Study material section start
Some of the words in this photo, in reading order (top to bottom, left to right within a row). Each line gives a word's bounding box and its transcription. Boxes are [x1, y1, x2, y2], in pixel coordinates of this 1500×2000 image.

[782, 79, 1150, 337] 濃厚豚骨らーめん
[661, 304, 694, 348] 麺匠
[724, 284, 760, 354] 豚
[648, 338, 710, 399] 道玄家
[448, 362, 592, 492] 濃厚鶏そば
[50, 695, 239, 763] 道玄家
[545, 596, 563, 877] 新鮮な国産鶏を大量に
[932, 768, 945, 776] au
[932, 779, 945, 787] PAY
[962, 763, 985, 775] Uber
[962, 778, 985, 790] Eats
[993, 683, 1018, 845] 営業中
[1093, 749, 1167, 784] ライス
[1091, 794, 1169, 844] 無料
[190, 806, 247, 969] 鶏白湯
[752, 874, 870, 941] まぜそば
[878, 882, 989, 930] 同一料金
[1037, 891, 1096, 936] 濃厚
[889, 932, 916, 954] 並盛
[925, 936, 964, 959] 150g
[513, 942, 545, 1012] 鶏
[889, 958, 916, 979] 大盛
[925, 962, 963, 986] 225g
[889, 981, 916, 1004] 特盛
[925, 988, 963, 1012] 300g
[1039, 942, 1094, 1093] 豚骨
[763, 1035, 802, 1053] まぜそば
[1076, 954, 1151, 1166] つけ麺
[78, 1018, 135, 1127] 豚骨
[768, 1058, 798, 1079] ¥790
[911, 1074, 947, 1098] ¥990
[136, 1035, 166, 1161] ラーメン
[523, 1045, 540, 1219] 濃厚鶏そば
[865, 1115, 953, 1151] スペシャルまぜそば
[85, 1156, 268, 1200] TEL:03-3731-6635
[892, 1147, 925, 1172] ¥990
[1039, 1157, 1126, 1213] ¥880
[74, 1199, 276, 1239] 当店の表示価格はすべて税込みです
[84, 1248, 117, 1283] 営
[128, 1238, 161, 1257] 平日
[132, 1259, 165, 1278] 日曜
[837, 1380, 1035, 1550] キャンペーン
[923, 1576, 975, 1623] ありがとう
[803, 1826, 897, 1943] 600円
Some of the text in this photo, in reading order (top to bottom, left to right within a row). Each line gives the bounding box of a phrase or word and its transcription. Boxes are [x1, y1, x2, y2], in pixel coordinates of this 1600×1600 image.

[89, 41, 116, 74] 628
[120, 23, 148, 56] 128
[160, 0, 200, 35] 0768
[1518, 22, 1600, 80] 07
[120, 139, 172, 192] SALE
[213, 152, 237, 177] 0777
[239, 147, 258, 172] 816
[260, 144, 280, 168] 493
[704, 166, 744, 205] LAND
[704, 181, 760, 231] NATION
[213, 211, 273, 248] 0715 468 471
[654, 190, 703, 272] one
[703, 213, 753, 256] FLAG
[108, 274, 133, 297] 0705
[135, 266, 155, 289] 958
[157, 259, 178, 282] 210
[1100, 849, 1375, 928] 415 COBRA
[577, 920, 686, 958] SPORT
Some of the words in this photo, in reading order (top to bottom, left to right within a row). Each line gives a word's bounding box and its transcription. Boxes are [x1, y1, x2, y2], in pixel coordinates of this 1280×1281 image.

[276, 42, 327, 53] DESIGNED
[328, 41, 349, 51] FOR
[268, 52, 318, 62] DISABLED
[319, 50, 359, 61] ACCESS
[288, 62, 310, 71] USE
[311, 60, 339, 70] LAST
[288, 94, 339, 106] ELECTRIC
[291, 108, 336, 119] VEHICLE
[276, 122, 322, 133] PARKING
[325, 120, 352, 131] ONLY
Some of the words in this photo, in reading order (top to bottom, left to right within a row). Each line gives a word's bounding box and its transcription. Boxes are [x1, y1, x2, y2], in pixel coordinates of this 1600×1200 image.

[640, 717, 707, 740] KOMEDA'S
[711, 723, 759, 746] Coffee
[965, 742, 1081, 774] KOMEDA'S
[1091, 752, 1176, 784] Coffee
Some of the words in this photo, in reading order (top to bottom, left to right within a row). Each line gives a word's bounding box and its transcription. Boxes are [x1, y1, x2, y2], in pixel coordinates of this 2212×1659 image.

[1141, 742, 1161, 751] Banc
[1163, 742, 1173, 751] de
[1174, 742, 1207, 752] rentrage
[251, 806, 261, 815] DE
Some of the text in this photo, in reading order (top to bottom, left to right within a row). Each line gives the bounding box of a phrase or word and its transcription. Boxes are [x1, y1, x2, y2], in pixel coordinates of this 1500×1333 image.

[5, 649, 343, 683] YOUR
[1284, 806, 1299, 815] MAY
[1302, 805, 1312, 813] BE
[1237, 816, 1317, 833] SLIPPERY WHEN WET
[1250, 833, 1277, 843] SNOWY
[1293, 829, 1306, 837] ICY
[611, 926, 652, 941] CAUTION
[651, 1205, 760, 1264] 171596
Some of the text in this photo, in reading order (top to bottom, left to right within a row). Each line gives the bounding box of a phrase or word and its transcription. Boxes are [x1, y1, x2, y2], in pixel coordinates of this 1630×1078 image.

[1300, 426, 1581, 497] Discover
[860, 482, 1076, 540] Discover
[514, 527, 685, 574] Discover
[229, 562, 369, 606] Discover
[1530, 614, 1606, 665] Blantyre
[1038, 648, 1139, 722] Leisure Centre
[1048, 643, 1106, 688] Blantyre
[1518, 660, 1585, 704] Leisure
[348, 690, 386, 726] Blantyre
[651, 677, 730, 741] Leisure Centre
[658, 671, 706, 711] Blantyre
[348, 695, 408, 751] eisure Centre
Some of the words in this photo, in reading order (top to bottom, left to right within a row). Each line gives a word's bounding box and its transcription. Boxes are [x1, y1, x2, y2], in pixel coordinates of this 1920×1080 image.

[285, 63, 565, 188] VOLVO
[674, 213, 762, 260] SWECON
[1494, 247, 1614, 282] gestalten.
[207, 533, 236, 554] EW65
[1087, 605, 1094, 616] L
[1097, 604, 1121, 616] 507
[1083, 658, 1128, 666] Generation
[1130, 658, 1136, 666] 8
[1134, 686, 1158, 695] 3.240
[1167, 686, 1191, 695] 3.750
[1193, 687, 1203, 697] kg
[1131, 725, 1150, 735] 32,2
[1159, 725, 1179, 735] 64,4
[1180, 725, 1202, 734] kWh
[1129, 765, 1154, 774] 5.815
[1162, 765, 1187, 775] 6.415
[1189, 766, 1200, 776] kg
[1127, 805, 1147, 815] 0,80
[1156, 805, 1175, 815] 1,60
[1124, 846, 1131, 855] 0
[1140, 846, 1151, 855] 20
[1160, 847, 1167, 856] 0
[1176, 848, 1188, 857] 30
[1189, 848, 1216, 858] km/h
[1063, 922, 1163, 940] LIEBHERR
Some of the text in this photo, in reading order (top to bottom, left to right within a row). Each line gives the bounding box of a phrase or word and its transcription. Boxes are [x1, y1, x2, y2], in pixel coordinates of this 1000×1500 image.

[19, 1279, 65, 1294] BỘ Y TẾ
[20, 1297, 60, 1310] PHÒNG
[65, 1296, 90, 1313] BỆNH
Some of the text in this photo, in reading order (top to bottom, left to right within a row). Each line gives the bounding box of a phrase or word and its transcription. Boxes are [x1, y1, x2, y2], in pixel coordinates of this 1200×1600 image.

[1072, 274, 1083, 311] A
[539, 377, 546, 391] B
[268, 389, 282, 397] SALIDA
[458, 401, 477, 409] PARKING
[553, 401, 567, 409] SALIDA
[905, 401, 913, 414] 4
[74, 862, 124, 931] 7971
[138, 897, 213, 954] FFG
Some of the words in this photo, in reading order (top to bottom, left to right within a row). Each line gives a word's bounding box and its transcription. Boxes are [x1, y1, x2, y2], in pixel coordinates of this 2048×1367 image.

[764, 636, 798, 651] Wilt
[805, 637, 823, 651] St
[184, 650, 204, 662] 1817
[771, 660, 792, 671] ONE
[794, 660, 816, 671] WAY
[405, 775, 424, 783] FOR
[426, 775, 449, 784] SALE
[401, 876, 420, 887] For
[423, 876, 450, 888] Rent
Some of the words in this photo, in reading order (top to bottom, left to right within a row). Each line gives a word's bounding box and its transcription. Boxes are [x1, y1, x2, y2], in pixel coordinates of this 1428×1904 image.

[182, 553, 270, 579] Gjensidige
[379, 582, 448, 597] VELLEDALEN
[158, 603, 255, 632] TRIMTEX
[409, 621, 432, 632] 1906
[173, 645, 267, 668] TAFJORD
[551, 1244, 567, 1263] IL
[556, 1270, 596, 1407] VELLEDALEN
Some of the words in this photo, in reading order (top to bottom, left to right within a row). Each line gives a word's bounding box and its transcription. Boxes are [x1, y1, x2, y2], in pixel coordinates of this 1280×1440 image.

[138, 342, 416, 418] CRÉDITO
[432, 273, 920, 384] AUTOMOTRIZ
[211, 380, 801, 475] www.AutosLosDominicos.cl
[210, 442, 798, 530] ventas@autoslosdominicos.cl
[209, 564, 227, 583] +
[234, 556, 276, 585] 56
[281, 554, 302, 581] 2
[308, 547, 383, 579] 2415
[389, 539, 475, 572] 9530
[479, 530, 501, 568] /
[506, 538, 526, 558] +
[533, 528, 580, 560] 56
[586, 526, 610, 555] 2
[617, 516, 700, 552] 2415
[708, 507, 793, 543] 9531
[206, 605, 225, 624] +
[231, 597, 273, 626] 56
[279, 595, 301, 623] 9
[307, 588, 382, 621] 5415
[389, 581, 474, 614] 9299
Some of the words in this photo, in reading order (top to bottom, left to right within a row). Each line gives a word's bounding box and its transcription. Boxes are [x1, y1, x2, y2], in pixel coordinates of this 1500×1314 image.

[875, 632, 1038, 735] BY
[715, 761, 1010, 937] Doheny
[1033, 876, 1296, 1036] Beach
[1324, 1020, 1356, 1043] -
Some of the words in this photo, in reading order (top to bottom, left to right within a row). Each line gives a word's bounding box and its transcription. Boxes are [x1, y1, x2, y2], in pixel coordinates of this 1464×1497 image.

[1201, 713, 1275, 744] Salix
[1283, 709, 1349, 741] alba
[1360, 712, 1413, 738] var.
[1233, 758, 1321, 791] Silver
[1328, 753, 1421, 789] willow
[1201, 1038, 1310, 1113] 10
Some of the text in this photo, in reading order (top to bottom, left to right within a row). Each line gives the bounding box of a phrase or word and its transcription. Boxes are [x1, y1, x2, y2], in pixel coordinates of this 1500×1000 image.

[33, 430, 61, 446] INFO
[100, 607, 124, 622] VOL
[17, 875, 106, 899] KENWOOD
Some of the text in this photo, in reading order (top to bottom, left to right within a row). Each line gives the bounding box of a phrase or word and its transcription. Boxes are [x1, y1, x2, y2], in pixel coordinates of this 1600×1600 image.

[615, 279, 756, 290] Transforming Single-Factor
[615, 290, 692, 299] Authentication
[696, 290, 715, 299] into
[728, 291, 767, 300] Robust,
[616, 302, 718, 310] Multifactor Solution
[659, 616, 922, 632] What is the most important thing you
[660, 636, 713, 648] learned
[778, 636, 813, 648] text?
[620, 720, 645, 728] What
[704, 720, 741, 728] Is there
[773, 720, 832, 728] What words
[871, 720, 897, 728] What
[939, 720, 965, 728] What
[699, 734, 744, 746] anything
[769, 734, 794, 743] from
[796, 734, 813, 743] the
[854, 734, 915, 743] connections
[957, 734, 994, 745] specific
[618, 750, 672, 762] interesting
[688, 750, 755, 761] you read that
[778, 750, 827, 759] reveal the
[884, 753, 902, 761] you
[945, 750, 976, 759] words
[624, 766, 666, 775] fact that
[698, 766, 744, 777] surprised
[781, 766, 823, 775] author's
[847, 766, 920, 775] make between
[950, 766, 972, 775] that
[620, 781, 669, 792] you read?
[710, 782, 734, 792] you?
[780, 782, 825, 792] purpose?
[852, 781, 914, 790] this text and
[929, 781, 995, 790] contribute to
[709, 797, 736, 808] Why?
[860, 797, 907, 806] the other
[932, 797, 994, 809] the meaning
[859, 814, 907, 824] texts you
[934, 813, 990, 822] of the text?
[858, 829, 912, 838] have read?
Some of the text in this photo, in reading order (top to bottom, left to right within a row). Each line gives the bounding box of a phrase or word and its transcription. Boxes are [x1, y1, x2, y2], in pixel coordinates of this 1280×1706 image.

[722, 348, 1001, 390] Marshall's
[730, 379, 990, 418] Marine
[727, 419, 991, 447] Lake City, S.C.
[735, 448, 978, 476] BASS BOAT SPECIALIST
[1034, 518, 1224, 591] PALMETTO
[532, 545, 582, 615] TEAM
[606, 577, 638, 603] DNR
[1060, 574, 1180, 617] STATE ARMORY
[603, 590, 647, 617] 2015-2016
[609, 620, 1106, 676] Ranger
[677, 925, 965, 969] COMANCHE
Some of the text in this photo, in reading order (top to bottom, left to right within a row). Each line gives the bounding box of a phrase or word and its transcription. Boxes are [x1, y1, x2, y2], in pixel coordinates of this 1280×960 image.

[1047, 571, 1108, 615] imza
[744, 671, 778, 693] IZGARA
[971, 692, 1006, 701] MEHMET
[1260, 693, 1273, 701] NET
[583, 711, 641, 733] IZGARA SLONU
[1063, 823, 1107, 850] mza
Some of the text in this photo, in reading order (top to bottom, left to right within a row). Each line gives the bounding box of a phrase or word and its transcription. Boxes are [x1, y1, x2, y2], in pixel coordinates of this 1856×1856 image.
Study material section end
Exercise brief: Only the lines from the one containing "this 1280×960 image." through the end of the data above are wanted, both ends included; restate them word for word.

Exercise answer:
Some of the text in this photo, in reading order (top to bottom, left to right within a row). Each line gives the bounding box of a phrase or word and its transcription. Boxes are [x1, y1, x2, y2], in pixel coordinates of this 1280×960 image.

[1047, 571, 1108, 615] imza
[744, 671, 778, 693] IZGARA
[971, 692, 1006, 701] MEHMET
[1260, 693, 1273, 701] NET
[583, 711, 641, 733] IZGARA SLONU
[1063, 823, 1107, 850] mza
Some of the text in this photo, in reading order (top to bottom, left to right within a row). Each line gives the bounding box of a phrase or word and its transcription. Boxes are [x1, y1, x2, y2], in pixel coordinates of this 1856×1856 image.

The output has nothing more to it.